— Source data —
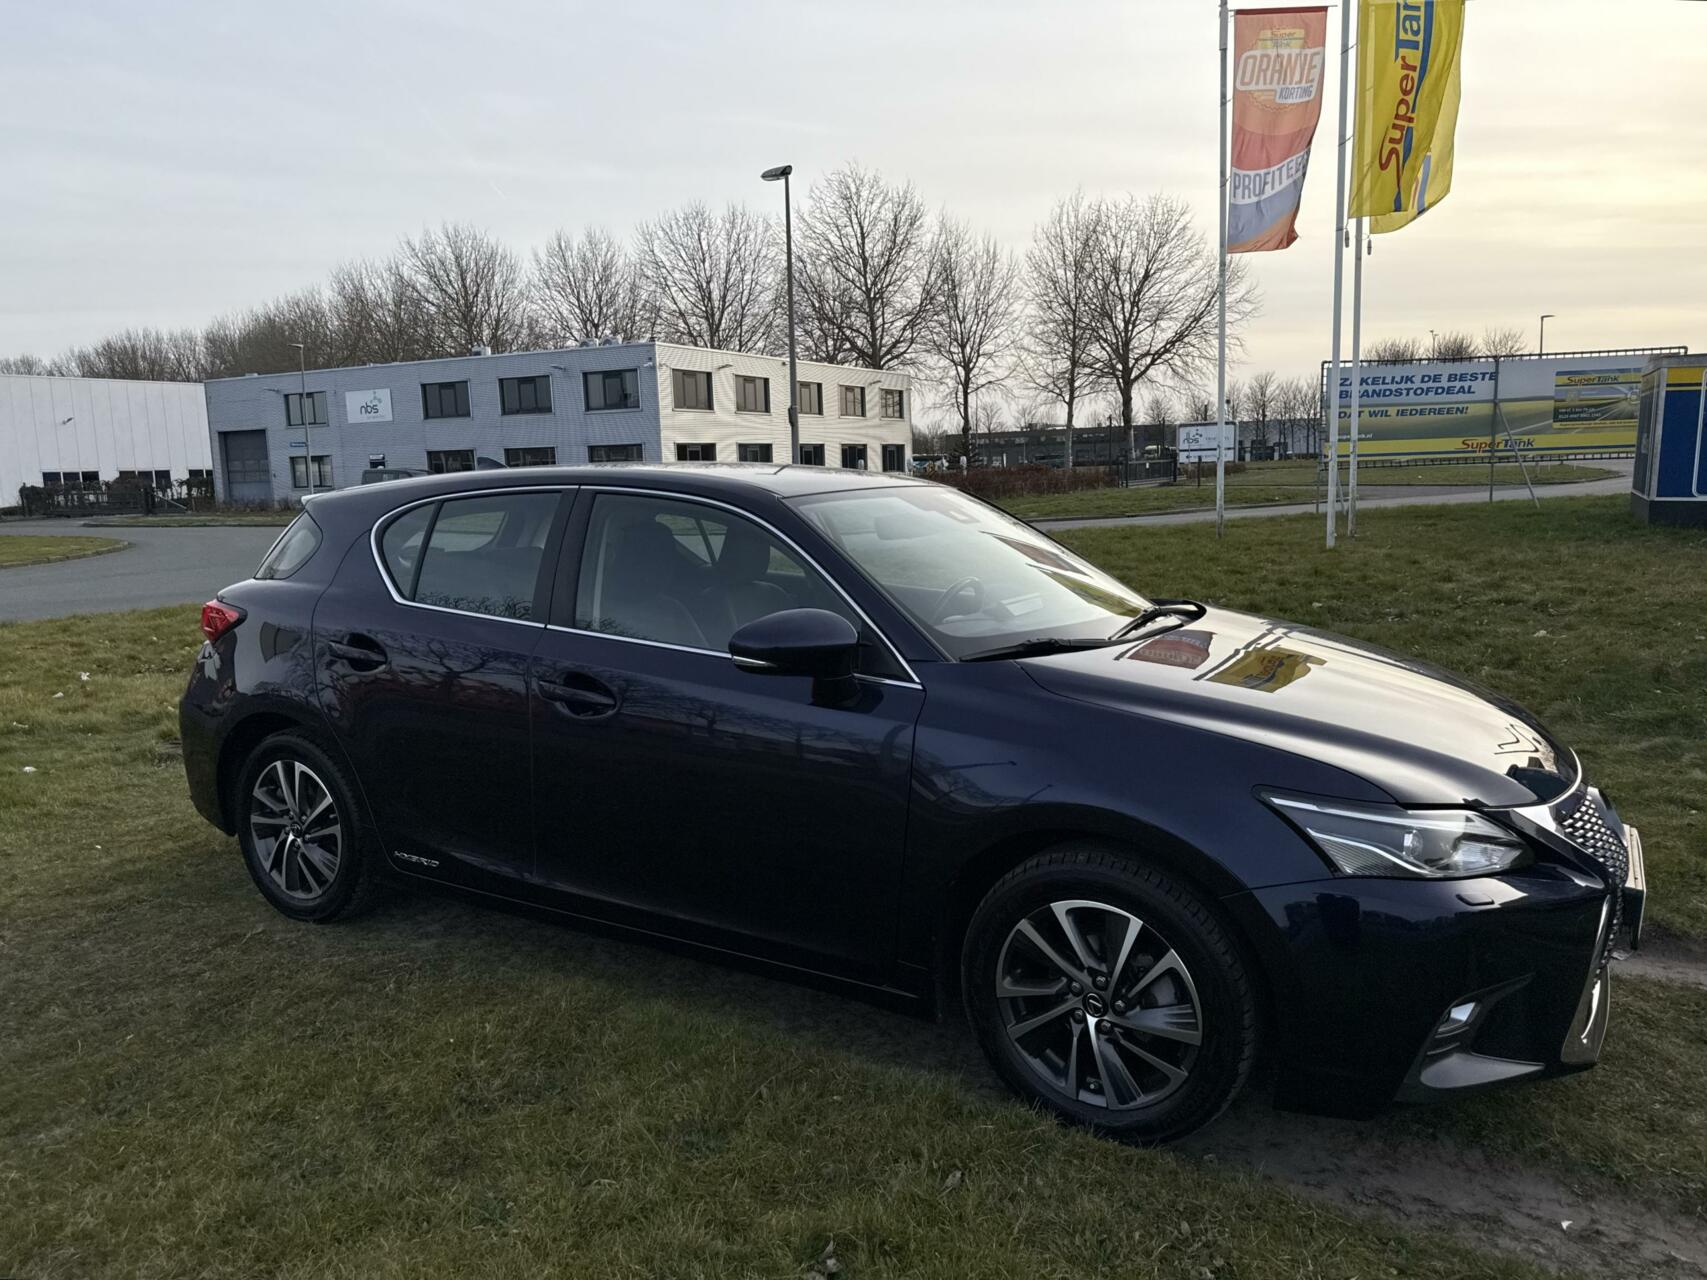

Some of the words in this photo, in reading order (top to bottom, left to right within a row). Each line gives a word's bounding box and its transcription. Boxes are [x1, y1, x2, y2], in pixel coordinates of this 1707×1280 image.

[1239, 52, 1321, 87] ORANJE
[1278, 85, 1313, 100] KORTING
[1339, 374, 1415, 387] ZKELIJK
[1421, 373, 1442, 384] DE
[1447, 371, 1497, 383] BESTE
[1339, 385, 1475, 399] BANDSTOFDEAL
[360, 402, 379, 415] nbs
[1368, 409, 1391, 418] WIL
[1396, 406, 1468, 417] IEDEREEN!
[1458, 438, 1535, 453] SuperTank
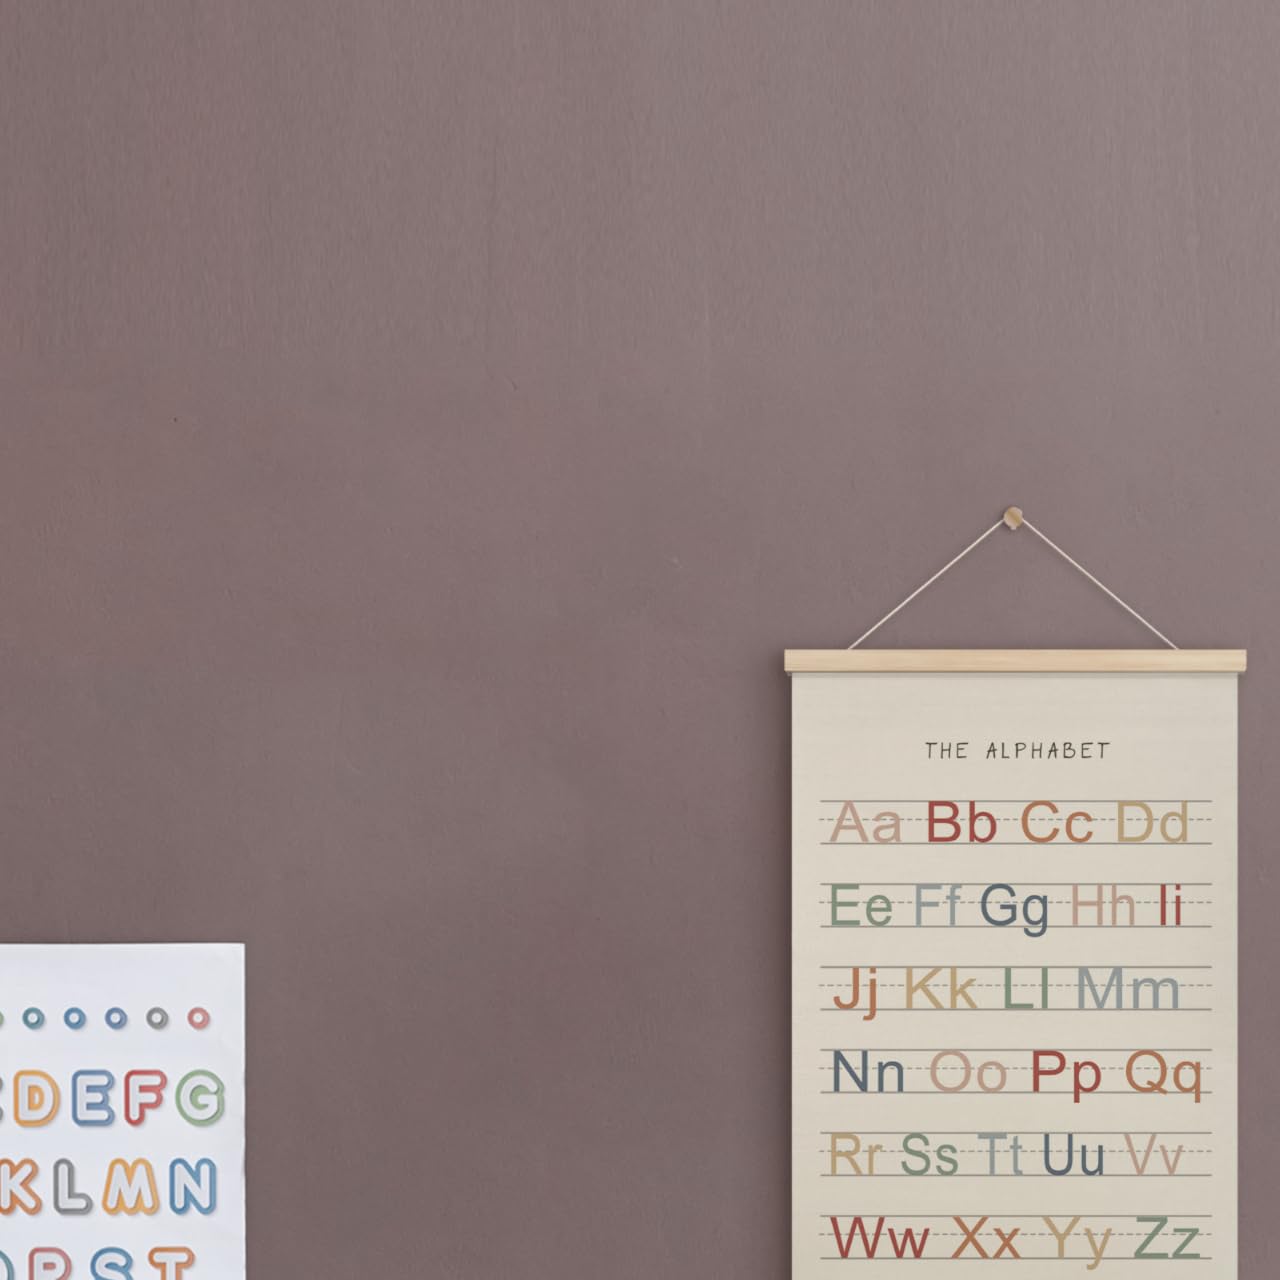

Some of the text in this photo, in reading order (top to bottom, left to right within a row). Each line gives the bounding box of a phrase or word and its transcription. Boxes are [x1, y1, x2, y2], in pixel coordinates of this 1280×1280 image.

[925, 741, 1112, 760] THE ALPHABET
[828, 799, 1189, 844] Aa Bb Cc Dd
[829, 882, 1182, 938] Ee Ff Gg Hh Ii
[832, 965, 1179, 1021] Jj Kk Ll Mm
[830, 1047, 1202, 1103] Nn Oo Pp Qq
[828, 1131, 1184, 1177] Rr Ss Tt Uu Vv
[829, 1214, 1201, 1270] Ww Xx Yy Zz

— Exercise goal —
Reproduce all lines above exactly. Leave the images out.

— Output of the task —
Some of the words in this photo, in reading order (top to bottom, left to right within a row). Each line gives a word's bounding box and its transcription. Boxes are [x1, y1, x2, y2], in pixel coordinates of this 1707×1280 image.

[1239, 52, 1321, 87] ORANJE
[1278, 85, 1313, 100] KORTING
[1339, 374, 1415, 387] ZKELIJK
[1421, 373, 1442, 384] DE
[1447, 371, 1497, 383] BESTE
[1339, 385, 1475, 399] BANDSTOFDEAL
[360, 402, 379, 415] nbs
[1368, 409, 1391, 418] WIL
[1396, 406, 1468, 417] IEDEREEN!
[1458, 438, 1535, 453] SuperTank

Some of the text in this photo, in reading order (top to bottom, left to right within a row). Each line gives the bounding box of a phrase or word and its transcription. Boxes are [x1, y1, x2, y2], in pixel coordinates of this 1280×1280 image.

[925, 741, 1112, 760] THE ALPHABET
[828, 799, 1189, 844] Aa Bb Cc Dd
[829, 882, 1182, 938] Ee Ff Gg Hh Ii
[832, 965, 1179, 1021] Jj Kk Ll Mm
[830, 1047, 1202, 1103] Nn Oo Pp Qq
[828, 1131, 1184, 1177] Rr Ss Tt Uu Vv
[829, 1214, 1201, 1270] Ww Xx Yy Zz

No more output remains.